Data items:
################

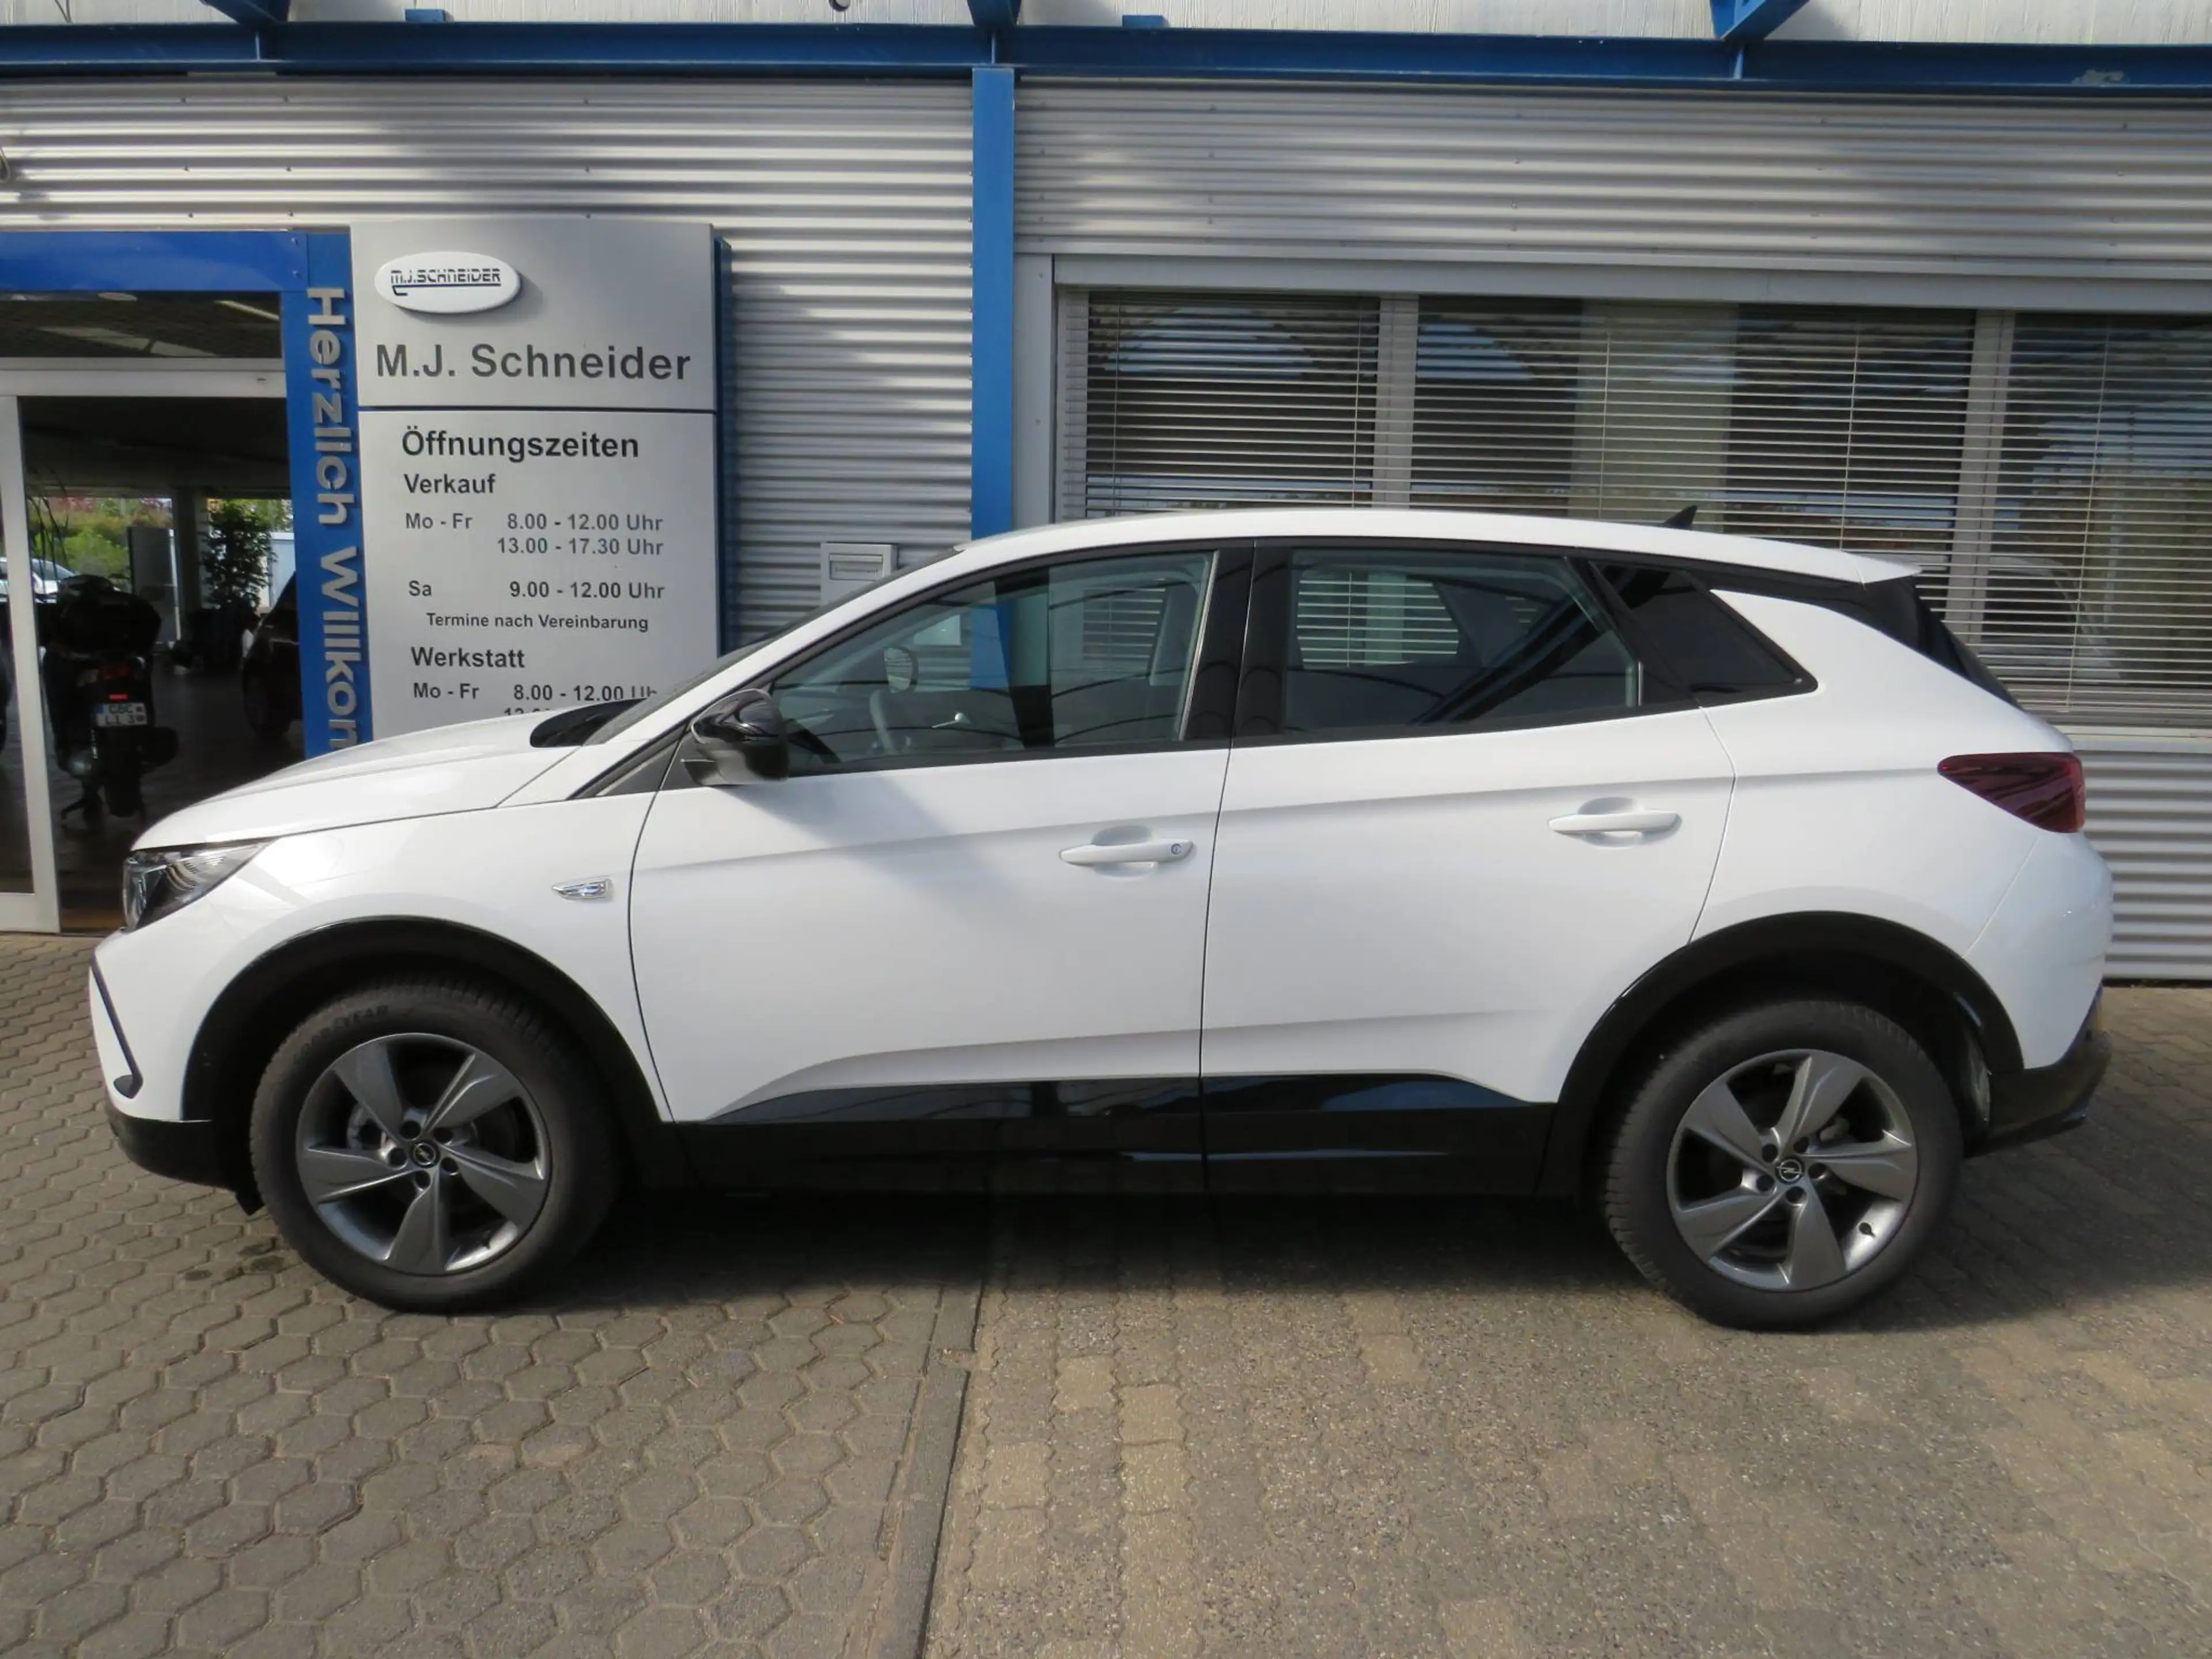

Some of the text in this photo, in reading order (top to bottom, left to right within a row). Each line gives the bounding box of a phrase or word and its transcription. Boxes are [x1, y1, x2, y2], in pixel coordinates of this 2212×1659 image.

[376, 343, 691, 380] M.J. Schneider
[402, 425, 639, 464] Öffnungszeiten
[403, 472, 497, 494] Verkauf
[306, 287, 361, 749] Herzlich Willkom
[406, 512, 434, 529] Mo
[452, 512, 473, 529] Fr
[507, 513, 547, 531] 8.00
[567, 513, 619, 531] 12.00
[626, 513, 663, 531] Uhr
[497, 536, 548, 554] 13.00
[569, 537, 620, 555] 17.30
[627, 537, 664, 555] Uhr
[408, 579, 432, 597] Sa
[509, 580, 550, 598] 9.00
[570, 581, 622, 599] 12.00
[628, 582, 665, 599] Uhr
[426, 612, 649, 633] Termine nach Vereinbarung
[410, 646, 526, 669] Werkstatt
[413, 682, 441, 699] Mo
[459, 683, 480, 700] Fr
[513, 684, 553, 701] 8.00
[573, 684, 624, 702] 12.00
[631, 685, 657, 698] Uh
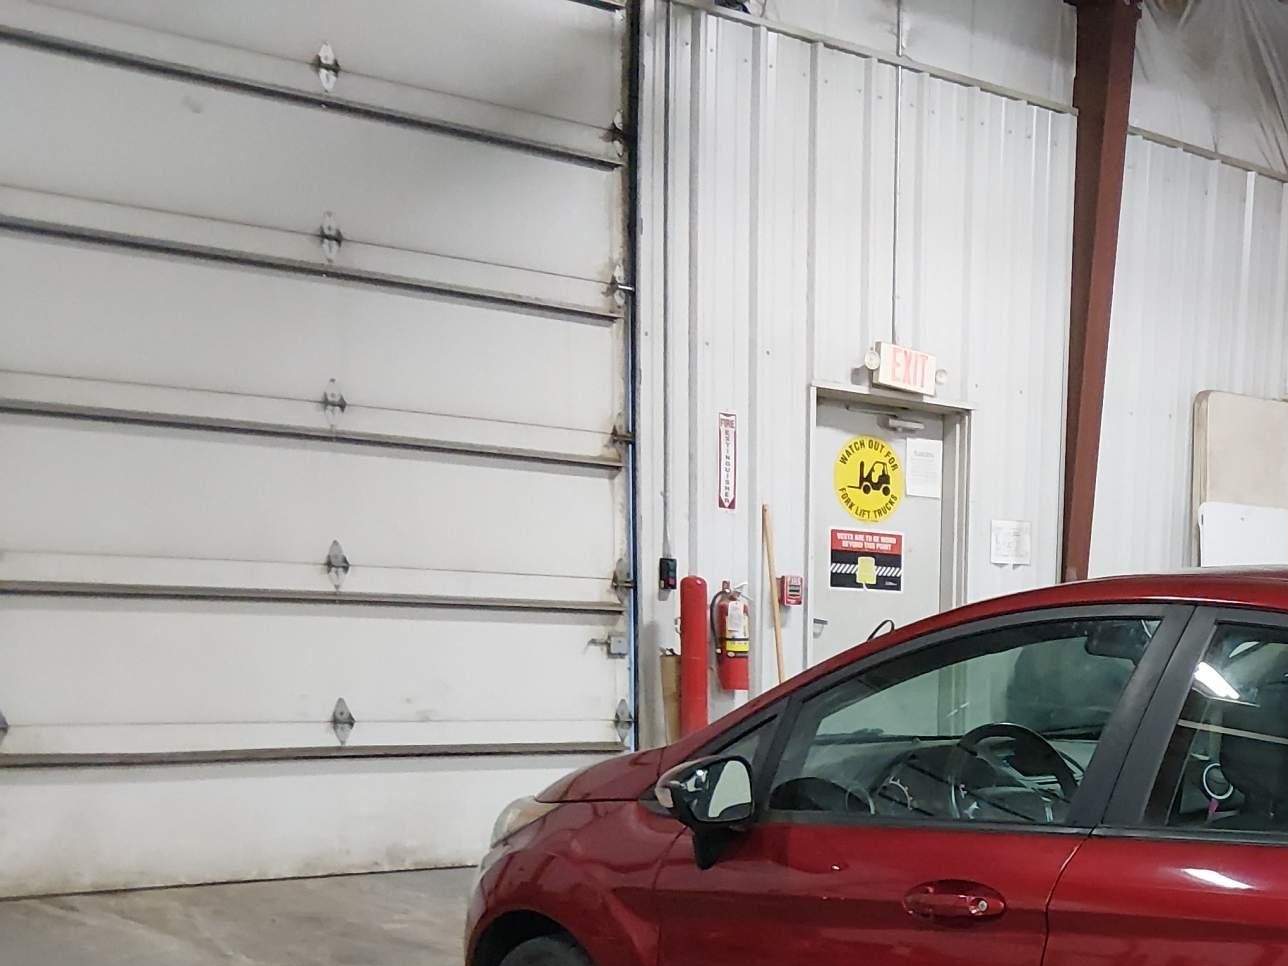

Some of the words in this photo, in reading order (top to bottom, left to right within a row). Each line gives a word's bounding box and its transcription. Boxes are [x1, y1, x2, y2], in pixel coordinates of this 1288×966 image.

[891, 346, 929, 388] EXIT
[720, 418, 735, 429] FIRE
[840, 440, 866, 465] WATCH
[868, 440, 885, 454] OUT
[884, 450, 899, 472] FOR
[838, 487, 856, 511] FORK
[855, 505, 871, 519] LIFT
[873, 494, 898, 519] TRUCKS
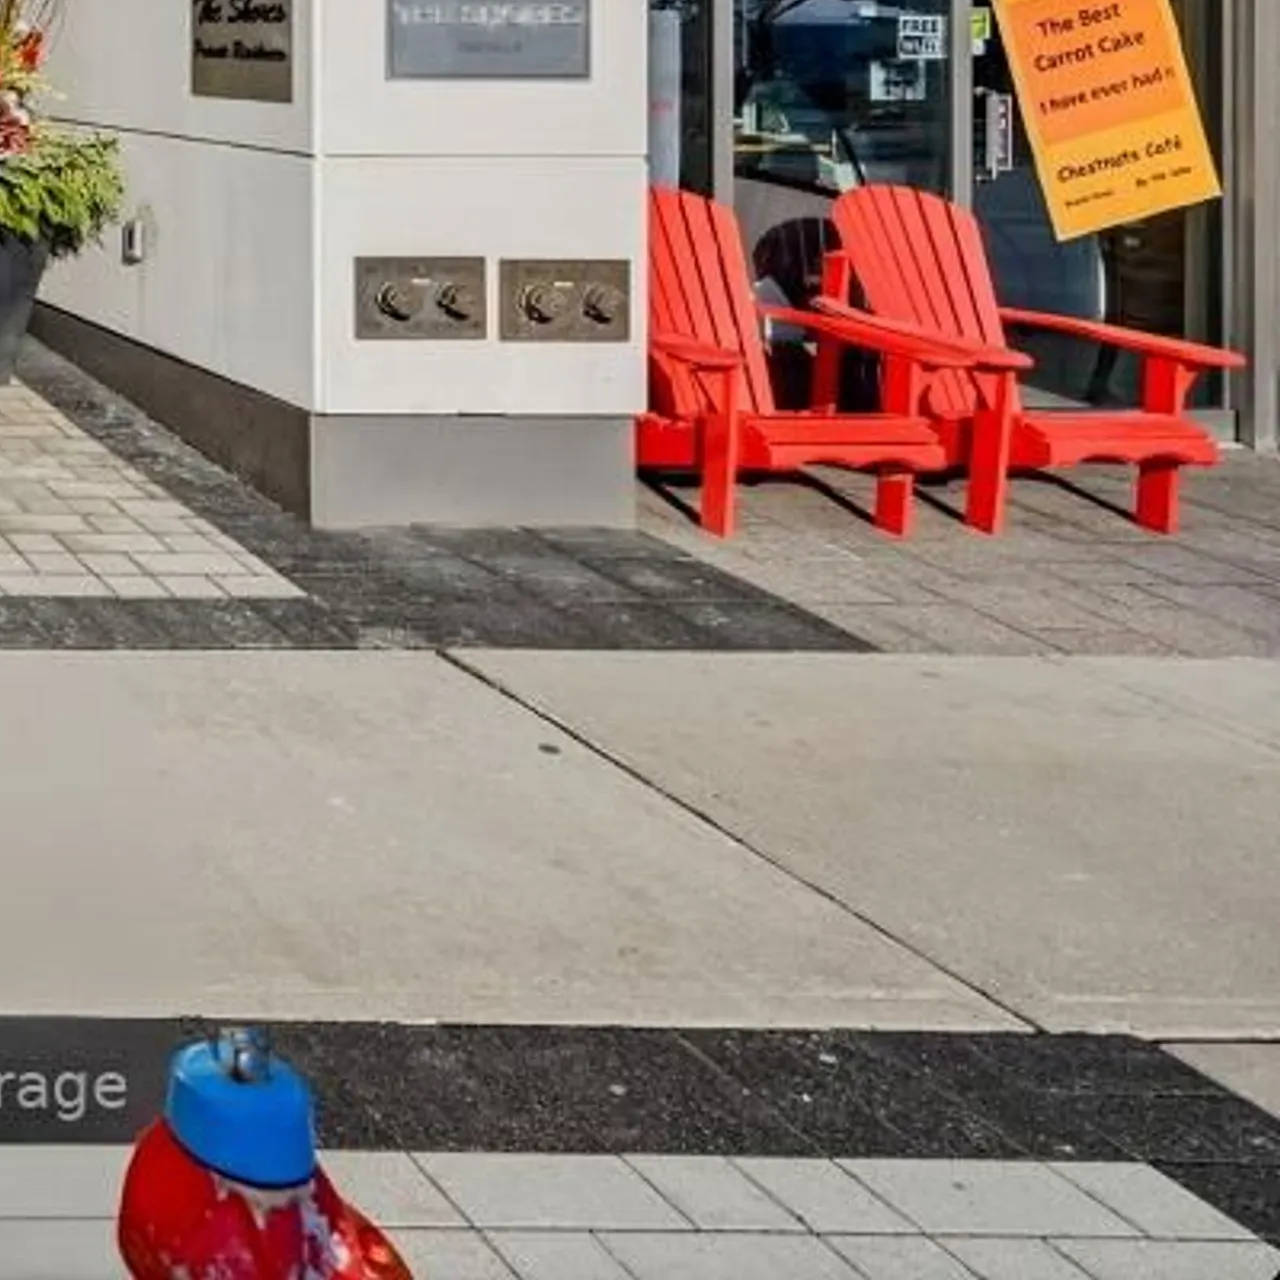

################

What this task involves: The records above should be duplicated exactly, with none of their pictures kept.

Response to this exercise:
Some of the text in this photo, in reading order (top to bottom, left to right within a row). Each line gives the bounding box of a phrase or word and its transcription. Boxes are [x1, y1, x2, y2], in pixel coordinates of this 2212×1659 image.

[376, 343, 691, 380] M.J. Schneider
[402, 425, 639, 464] Öffnungszeiten
[403, 472, 497, 494] Verkauf
[306, 287, 361, 749] Herzlich Willkom
[406, 512, 434, 529] Mo
[452, 512, 473, 529] Fr
[507, 513, 547, 531] 8.00
[567, 513, 619, 531] 12.00
[626, 513, 663, 531] Uhr
[497, 536, 548, 554] 13.00
[569, 537, 620, 555] 17.30
[627, 537, 664, 555] Uhr
[408, 579, 432, 597] Sa
[509, 580, 550, 598] 9.00
[570, 581, 622, 599] 12.00
[628, 582, 665, 599] Uhr
[426, 612, 649, 633] Termine nach Vereinbarung
[410, 646, 526, 669] Werkstatt
[413, 682, 441, 699] Mo
[459, 683, 480, 700] Fr
[513, 684, 553, 701] 8.00
[573, 684, 624, 702] 12.00
[631, 685, 657, 698] Uh

Some of the words in this photo, in reading order (top to bottom, left to right within a row). Each line gives a word's bounding box and its transcription. Boxes are [x1, y1, x2, y2], in pixel coordinates of this 1288×966 image.

[891, 346, 929, 388] EXIT
[720, 418, 735, 429] FIRE
[840, 440, 866, 465] WATCH
[868, 440, 885, 454] OUT
[884, 450, 899, 472] FOR
[838, 487, 856, 511] FORK
[855, 505, 871, 519] LIFT
[873, 494, 898, 519] TRUCKS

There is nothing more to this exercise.